Showing posts with label friend. Show all posts
Showing posts with label friend. Show all posts

Sunday, June 9, 2013

Salt and Sorrow

“They say that only very good friends quarrel. But at the end of the day a quarrel is a fight between two people’s egos. Since people cannot understand each other by just being honest. May be its impossible to live your whole life without getting hurt but don’t hurt the people close to you.” ― Ai Yazawa

I don’t need to hear your voice to understand that you wanted to hurt me, I don’t need to see your face to know which words were meant for me, and as time passes slowly I cant help but wonder why?

The clock has been too soon to strike witching hour, it’s that time of the night where we wish to exposure and bare our souls to who ever is available to listen, yet I curl, into the most protective position I can find, My soul needs protection, I need protection, and from that sorrow salt is born. Almost therapeutically cleansing my soul.
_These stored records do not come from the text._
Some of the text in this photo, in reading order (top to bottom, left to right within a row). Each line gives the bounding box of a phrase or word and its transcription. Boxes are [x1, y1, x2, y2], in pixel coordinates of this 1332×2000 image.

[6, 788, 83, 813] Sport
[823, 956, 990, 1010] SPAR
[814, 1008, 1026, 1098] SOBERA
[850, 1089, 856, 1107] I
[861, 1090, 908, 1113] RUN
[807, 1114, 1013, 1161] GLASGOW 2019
And even if my biological anatomy is ridding me from sorrow and all its traces, the scars of this new hurt runs deep. It becomes an unseen wound growing on my soul.
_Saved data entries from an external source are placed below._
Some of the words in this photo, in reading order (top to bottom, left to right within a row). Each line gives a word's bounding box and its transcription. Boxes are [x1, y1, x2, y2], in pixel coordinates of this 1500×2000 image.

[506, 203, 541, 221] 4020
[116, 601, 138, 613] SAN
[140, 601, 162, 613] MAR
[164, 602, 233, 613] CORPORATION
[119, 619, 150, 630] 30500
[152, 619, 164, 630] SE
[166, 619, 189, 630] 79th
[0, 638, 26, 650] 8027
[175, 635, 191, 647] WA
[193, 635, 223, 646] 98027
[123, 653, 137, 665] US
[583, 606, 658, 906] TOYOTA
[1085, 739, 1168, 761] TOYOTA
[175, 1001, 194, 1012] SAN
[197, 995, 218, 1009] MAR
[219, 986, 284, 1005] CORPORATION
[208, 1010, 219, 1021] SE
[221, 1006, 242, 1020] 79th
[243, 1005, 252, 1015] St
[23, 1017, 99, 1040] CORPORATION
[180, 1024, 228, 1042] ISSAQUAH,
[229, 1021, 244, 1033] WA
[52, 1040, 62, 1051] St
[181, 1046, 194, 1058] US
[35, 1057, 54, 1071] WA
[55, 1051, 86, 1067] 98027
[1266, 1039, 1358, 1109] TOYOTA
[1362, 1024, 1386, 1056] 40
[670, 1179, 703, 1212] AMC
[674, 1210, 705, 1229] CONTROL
It speaks to me, in its fragile broken voice, from the depths of my mind, giving birth to doubt and despair. And though they are newly born, they have befriends my unconscious, tormenting me slowly.
The voice of reason has gone.

And by now it is way pass the witching hour, with not a soul at sight, everyone must be sleeping soundly by now, yet you left me awake with your words.
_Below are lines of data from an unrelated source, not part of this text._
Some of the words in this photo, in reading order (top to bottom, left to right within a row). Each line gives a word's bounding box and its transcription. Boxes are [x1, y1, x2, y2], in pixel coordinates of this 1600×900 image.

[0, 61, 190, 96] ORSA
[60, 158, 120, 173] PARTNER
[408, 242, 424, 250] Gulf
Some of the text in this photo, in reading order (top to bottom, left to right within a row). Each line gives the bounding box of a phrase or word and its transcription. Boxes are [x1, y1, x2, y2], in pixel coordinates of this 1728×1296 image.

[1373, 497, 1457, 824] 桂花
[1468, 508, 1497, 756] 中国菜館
I wonder what do we call people that hurt other people?





Sunday, January 13, 2013

Closing a cycle

Last night I dreamt of you, I dreamt that you where doing well and happy with life.

I held your hand for hours not wanting to let go, how could I lose you when I had just found you again, but I could see from the look in your eyes you weren’t going to stay.

Sooner or later I would have to lose you again, and so I asked you a simple question, “Are you happy with the decision you have made?” you nodded yes, and then I made a decision…. I let go, and watched you disappear for the second time.

When I woke up, realizing it was just a dream made me feel slightly disappointed.

Are you doing well or are you happy? Questions always on my mind, but I think by now we have reached the end of a cycle and I have no more regrets.

What was, what was suppose to be, isn’t anymore and shouldn’t be, I can see that clearly now.

And now that the anger, confusion and depression has faded away, all that remains is the sounds of our laughter echoing of the walls of my bedroom.

We had a good cycle, and now even though I was unable to say it to you face to face, goodbye and good luck.